Referring expression grounding data:
=======

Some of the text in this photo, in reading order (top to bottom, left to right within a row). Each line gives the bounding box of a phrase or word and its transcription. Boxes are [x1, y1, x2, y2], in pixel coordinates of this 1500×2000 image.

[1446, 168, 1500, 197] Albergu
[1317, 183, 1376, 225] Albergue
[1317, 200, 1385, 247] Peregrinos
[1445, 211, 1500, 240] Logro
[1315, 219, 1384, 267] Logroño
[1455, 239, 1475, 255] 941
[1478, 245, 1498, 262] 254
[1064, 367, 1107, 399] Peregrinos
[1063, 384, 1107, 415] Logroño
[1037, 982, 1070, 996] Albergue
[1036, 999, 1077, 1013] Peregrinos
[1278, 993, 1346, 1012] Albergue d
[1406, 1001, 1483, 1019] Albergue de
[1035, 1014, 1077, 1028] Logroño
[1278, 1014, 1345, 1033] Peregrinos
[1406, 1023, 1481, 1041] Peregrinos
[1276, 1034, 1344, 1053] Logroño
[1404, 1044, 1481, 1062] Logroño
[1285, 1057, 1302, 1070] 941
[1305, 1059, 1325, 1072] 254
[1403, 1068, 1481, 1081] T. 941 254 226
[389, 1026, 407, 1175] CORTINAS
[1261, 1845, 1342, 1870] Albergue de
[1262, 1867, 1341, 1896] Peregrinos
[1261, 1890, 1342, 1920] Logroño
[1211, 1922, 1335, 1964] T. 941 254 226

=======

◆ WORK REQUIRED
Copy the data above. Keep each line exact.

◆ RESULT BELOW
Some of the text in this photo, in reading order (top to bottom, left to right within a row). Each line gives the bounding box of a phrase or word and its transcription. Boxes are [x1, y1, x2, y2], in pixel coordinates of this 1500×2000 image.

[1446, 168, 1500, 197] Albergu
[1317, 183, 1376, 225] Albergue
[1317, 200, 1385, 247] Peregrinos
[1445, 211, 1500, 240] Logro
[1315, 219, 1384, 267] Logroño
[1455, 239, 1475, 255] 941
[1478, 245, 1498, 262] 254
[1064, 367, 1107, 399] Peregrinos
[1063, 384, 1107, 415] Logroño
[1037, 982, 1070, 996] Albergue
[1036, 999, 1077, 1013] Peregrinos
[1278, 993, 1346, 1012] Albergue d
[1406, 1001, 1483, 1019] Albergue de
[1035, 1014, 1077, 1028] Logroño
[1278, 1014, 1345, 1033] Peregrinos
[1406, 1023, 1481, 1041] Peregrinos
[1276, 1034, 1344, 1053] Logroño
[1404, 1044, 1481, 1062] Logroño
[1285, 1057, 1302, 1070] 941
[1305, 1059, 1325, 1072] 254
[1403, 1068, 1481, 1081] T. 941 254 226
[389, 1026, 407, 1175] CORTINAS
[1261, 1845, 1342, 1870] Albergue de
[1262, 1867, 1341, 1896] Peregrinos
[1261, 1890, 1342, 1920] Logroño
[1211, 1922, 1335, 1964] T. 941 254 226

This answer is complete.